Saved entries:

□ □ □ □

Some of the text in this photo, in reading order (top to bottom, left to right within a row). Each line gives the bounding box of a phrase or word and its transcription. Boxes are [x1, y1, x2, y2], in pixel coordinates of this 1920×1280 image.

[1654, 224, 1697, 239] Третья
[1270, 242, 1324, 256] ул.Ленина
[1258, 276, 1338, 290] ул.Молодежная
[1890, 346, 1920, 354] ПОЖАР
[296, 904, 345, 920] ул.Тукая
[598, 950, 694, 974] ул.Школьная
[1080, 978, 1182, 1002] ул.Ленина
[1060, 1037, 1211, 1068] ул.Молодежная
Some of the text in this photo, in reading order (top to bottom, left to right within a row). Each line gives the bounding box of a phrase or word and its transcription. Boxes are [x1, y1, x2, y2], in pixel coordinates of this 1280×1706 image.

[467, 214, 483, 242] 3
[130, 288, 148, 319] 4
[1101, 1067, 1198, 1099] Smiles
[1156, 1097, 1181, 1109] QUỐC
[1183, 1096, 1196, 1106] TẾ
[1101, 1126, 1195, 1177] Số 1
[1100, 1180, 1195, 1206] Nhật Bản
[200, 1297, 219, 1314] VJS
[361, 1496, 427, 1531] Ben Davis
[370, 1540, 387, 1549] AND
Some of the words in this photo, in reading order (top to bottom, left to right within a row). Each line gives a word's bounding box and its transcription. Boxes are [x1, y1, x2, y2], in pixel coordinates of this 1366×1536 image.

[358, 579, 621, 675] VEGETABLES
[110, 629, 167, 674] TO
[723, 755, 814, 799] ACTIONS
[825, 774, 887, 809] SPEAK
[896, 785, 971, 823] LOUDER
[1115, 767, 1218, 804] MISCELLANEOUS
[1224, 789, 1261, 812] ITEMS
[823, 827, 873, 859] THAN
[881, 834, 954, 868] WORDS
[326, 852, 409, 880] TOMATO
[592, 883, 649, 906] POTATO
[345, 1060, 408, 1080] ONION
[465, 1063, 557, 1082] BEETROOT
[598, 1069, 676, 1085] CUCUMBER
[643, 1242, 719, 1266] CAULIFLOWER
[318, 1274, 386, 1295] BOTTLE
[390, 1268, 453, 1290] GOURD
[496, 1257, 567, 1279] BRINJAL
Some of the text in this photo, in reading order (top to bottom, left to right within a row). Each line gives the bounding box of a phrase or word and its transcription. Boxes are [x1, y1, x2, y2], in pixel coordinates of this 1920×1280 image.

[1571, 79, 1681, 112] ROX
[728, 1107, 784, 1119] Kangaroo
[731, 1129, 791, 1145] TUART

□ □ □ □

Problem details — Please repeat every entry, exactly as it was written.

Reply to the task —
Some of the text in this photo, in reading order (top to bottom, left to right within a row). Each line gives the bounding box of a phrase or word and its transcription. Boxes are [x1, y1, x2, y2], in pixel coordinates of this 1920×1280 image.

[1654, 224, 1697, 239] Третья
[1270, 242, 1324, 256] ул.Ленина
[1258, 276, 1338, 290] ул.Молодежная
[1890, 346, 1920, 354] ПОЖАР
[296, 904, 345, 920] ул.Тукая
[598, 950, 694, 974] ул.Школьная
[1080, 978, 1182, 1002] ул.Ленина
[1060, 1037, 1211, 1068] ул.Молодежная
Some of the text in this photo, in reading order (top to bottom, left to right within a row). Each line gives the bounding box of a phrase or word and its transcription. Boxes are [x1, y1, x2, y2], in pixel coordinates of this 1280×1706 image.

[467, 214, 483, 242] 3
[130, 288, 148, 319] 4
[1101, 1067, 1198, 1099] Smiles
[1156, 1097, 1181, 1109] QUỐC
[1183, 1096, 1196, 1106] TẾ
[1101, 1126, 1195, 1177] Số 1
[1100, 1180, 1195, 1206] Nhật Bản
[200, 1297, 219, 1314] VJS
[361, 1496, 427, 1531] Ben Davis
[370, 1540, 387, 1549] AND
Some of the words in this photo, in reading order (top to bottom, left to right within a row). Each line gives a word's bounding box and its transcription. Boxes are [x1, y1, x2, y2], in pixel coordinates of this 1366×1536 image.

[358, 579, 621, 675] VEGETABLES
[110, 629, 167, 674] TO
[723, 755, 814, 799] ACTIONS
[825, 774, 887, 809] SPEAK
[896, 785, 971, 823] LOUDER
[1115, 767, 1218, 804] MISCELLANEOUS
[1224, 789, 1261, 812] ITEMS
[823, 827, 873, 859] THAN
[881, 834, 954, 868] WORDS
[326, 852, 409, 880] TOMATO
[592, 883, 649, 906] POTATO
[345, 1060, 408, 1080] ONION
[465, 1063, 557, 1082] BEETROOT
[598, 1069, 676, 1085] CUCUMBER
[643, 1242, 719, 1266] CAULIFLOWER
[318, 1274, 386, 1295] BOTTLE
[390, 1268, 453, 1290] GOURD
[496, 1257, 567, 1279] BRINJAL
Some of the text in this photo, in reading order (top to bottom, left to right within a row). Each line gives the bounding box of a phrase or word and its transcription. Boxes are [x1, y1, x2, y2], in pixel coordinates of this 1920×1280 image.

[1571, 79, 1681, 112] ROX
[728, 1107, 784, 1119] Kangaroo
[731, 1129, 791, 1145] TUART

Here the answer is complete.